A Lei de Diretrizes Orçamentárias de 2002 (Lei n° 10.266, de 25 de julho de 2001), em seu Art. 63, condiciona a aprovação de lei ao cumprimento do art. 14 da Lei de Responsabilidade Fiscal:

 

“Art. 84. O projeto de lei ou medida provisória que conceda ou amplie incentivo ou benefício de natureza tributária só será aprovado ou editado se atendidas as exigências do art. 14 da Lei Complementar no 101, de 2000.

§ 1o Aplica-se à lei ou medida provisória que conceda ou amplie incentivo ou benefício de natureza financeira as mesmas exigências referidas no caput, podendo a compensação, alternativamente, dar-se mediante o cancelamento, pelo mesmo período, de despesas em valor equivalente.”

 

Por sua vez, o art. 14 da Lei de Responsabilidade Fiscal (Lei Complementar nº 101, de 04.05.00), determina:

 

"Art. 14. A concessão ou ampliação de incentivo ou benefício de natureza tributária da qual decorra renúncia de receita deverá estar acompanhada de estimativa do impacto orcamentário-financeiro no exercício em que deva iniciar sua vigência e nos dois seguintes, atender ao disposto na lei de diretrizes orçamentárias e a pelo menos uma das seguintes condições:

I -  demonstração pelo proponente de que a renúncia foi considerada na estimativa de receita da lei orçamentária, na forma do art. 12, e de que não afetará as metas de resultados fiscais previstas no anexo próprio da lei de diretrizes orçamentárias;

II - estar acompanhada de medidas de compensação, no período mencionado no caput, por meio do aumento de receita, proveniente da elevação de alíquotas, ampliação da base de cálculo, majoração ou criação de tributo ou contribuição.

§ 1º A renúncia compreende anistia, remissão, subsídio, crédito presumido, concessão de isenção em caráter não geral,  alteração de alíquota ou modificação de base de cálculo que implique redução discriminada de tributos ou contribuições, e outros benefícios que correspondam a tratamento diferenciado.

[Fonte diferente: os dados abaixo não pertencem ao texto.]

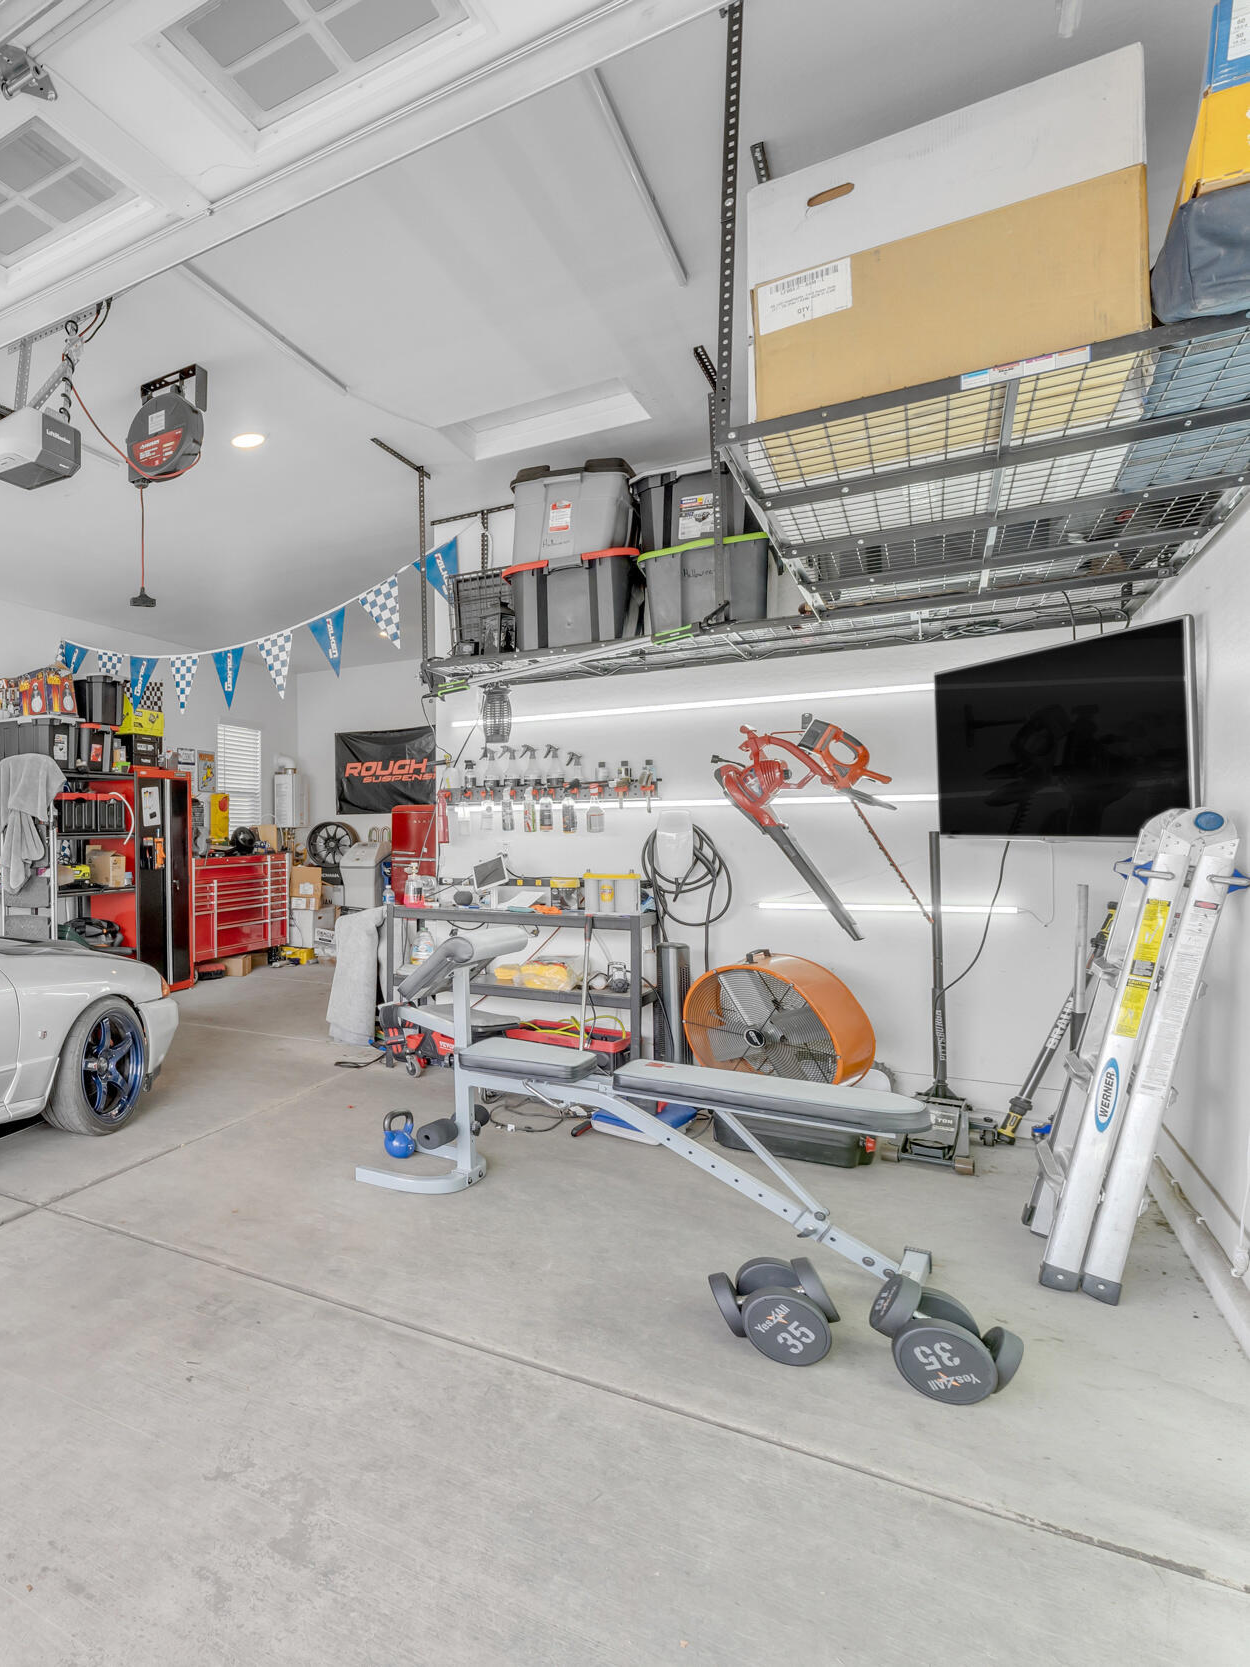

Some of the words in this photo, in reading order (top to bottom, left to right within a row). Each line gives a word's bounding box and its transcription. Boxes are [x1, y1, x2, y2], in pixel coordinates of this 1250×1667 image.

§ 2º Se o ato de concessão ou ampliação do incentivo ou benefício de que trata o caput deste artigo decorrer da condição contida no inciso II, o benefício só entrará em vigor quando implementadas as medidas referidas no mencionado inciso.”

 

Nenhuma das determinações anteriores foi cumprida pela proposição em análise. Portanto, não temos outro caminho se não o de considerar o PL Nº 4.577A, de 1998 como inadequado e incompatível no aspecto orçamentário e financeiro.

 

Dessa forma, fica também prejudicado o exame quanto ao mérito, na Comissão de Finanças e Tributação, em acordo com o dispositivo no art. 10 da Norma Interna – CFT, supra mencionada:

 

“Art. 10. Nos casos em que couber também à Comissão o exame do mérito da proposição, e for constatada a sua incompatibilidade ou inadequação, o mérito não será examinado pelo Relator, que registrará o fato em seu voto.”

 

Pelo exposto, VOTO PELA INCOMPATIBILIDADE E PELA INADEQUAÇÃO ORÇAMENTÁRIA E FINANCEIRA DO PROJETO DE LEI Nº 4.577A, de 1998.

 

 

 

                                   Sala da Comissão, em         de                      2003.